La passione per i licheni. Pare ancorarsi alla biografia del poeta. Come nasce, e perché?
“La passione per i licheni e per il mondo naturale in generale nacque sin dai primissimi anni quando, vivendo ancora a Santa Margherita Ligure (dove era nato nel 1888 e da dove andrà via a sei anni), il padre lo portava, insieme con la sorella Clelia, a camminare per i sentieri del monte di Portofino dove si appassionò alle piante, ai fiori e ai muschi. Questa iniziale attenzione per il mondo naturale si sviluppò in direzione dei licheni quando visse da soldato sui monti del Trentino e, durante i lunghi periodi di tregua, per passare il tempo cominciò a cercarli e a raccoglierli. Negli anni seguenti ne divenne un collezionista e uno studioso tra i più qualificati, tanto da scriverne alcuni libri – dal 1930 al 1956 – e soprattutto da venderne alcune raccolte ai maggiori musei europei di storia naturale, come quando nel 1929 quello di Stoccolma gli acquistò un grande erbario pagandogli un alto prezzo che per qualche anno lo rese straordinariamente ricco. E anche questo dimostra che Sbarbaro, appassionato cultore per tutta la vita del mondo naturale, sapeva tenere i contatti e dunque non viveva appartato, se non da chi non gli interessava frequentare”.

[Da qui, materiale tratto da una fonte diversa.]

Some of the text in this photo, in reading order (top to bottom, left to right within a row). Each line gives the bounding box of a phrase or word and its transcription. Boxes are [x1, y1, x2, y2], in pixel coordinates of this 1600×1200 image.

Che valore ha l’amore nella poesia di Sbarbaro?
“L’amore è presente nelle sue pagine, in versi e in prosa, in diverse accezioni. C’è l’amore carnale del giovane che, costretto a vivere nell’anonima e opprimente città, trova conforto nelle pratiche sessuali che non sempre, anche se vorrebbe, si collegano all’amore; c’è l’amore ingenuo che lo porta a comprare un anello di fidanzamento che poi non troverà la destinataria e c’è l’amore travolgente e deluso che rende ancora oggi profondamente partecipi i lettori della prima poesia dei Versi a Dina. E c’è l’amore riconoscente verso il “padre fanciullo” – ma non per la madre, troppo presto perduta e solo vagamente ricordata con rammaricata freddezza – e poi, al di là delle persone, l’amore senza fine per la sua Liguria, “scarsa lingua di terra che orla il mare”, rappresentata minutamente (come la conosceva da collaudato camminatore) in decine di “trucioli” che sembrano cartoline parlanti. Nelle sue lettere e nei suoi “trucioli” ci sono non pochi nomi di donne, ma poco importa chi fossero e che cosa fossero per lui, ma è certo che un uomo che ha scritto l’appena citata Versi a Dina ben conosceva la passione amorosa”.

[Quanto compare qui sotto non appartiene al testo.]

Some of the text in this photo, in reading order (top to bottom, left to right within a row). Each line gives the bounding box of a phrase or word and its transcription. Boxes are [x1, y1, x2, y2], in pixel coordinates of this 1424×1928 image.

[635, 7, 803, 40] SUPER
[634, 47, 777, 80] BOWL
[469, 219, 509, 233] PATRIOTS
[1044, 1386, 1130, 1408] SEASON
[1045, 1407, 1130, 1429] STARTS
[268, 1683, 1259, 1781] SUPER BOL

A proposito di amore. Mi dica qualcosa sull’amore-odio (se non: liquida invidia) di Montale per il conterraneo Sbarbaro.
“Montale esordì nel campo del giornalismo e della letteratura il 16 novembre 1920 recensendo i Trucioli di Sbarbaro e, se pur lo definiva “artista disuguale” e rilevava nei Trucioli “un vento di malattia”, non di meno riconosceva che in essi, definiti un po’ approssimativamente “scritti lirici bizzarri”, si trovavano “pagine di così profonda ispirazione e di fattura insieme così delicata e forte da chiedersi quanti scrittori d’oggi abbiano saputo scriverne altre di pari valore”. Negli Ossi di seppia Montale aveva inserito una sezione intitolata Versi a Camillo Sbarbaro, definito “estroso fanciullo”, che allora era certo più affermato di lui e in seguito, divenuto Montale ben più famoso non solo per la poesia, solo in rare occasioni se ne occupò, scrivendone infine il necrologio sul “Corriere della Sera” del 5 novembre 1967 dove, riconosciuti i suoi indiscutibili meriti letterari, lo definiva, con inopportuna ironia un “collezionista di funerali” perché abitava a Genova nella strada che conduce al cimitero di Staglieno. Sembra inevitabile che questi due poeti, tanto diversi tra loro per origini familiari e per storie personali e comunque accomunati dalla grandezza delle loro pagine, non potessero essere amici: l’uno accorto nelle scelte che potevano giovare al suo successo letterario, a cominciare dal già citato abbandono di Genova, e l’altro, anche se meno solitario di quanto spesso si è scritto su di lui, per necessità legato a Genova e alla Liguria e indifferente alle lusinghe del successo. Ma al di là delle diverse storie umane, Sbarbaro e Montale avevano anche, e forse soprattutto, diversi gusti nei confronti della poesia e di ciò ne sono prova le diverse valutazioni espresse sulla silloge Risacca (1933) di Giovanni Descalzo: Montale, che poi la recensirà su “Pègaso”, ne apprezzò cinque liriche mentre Sbarbaro ne scelse nove, ma solo una su quattordici era in comune”.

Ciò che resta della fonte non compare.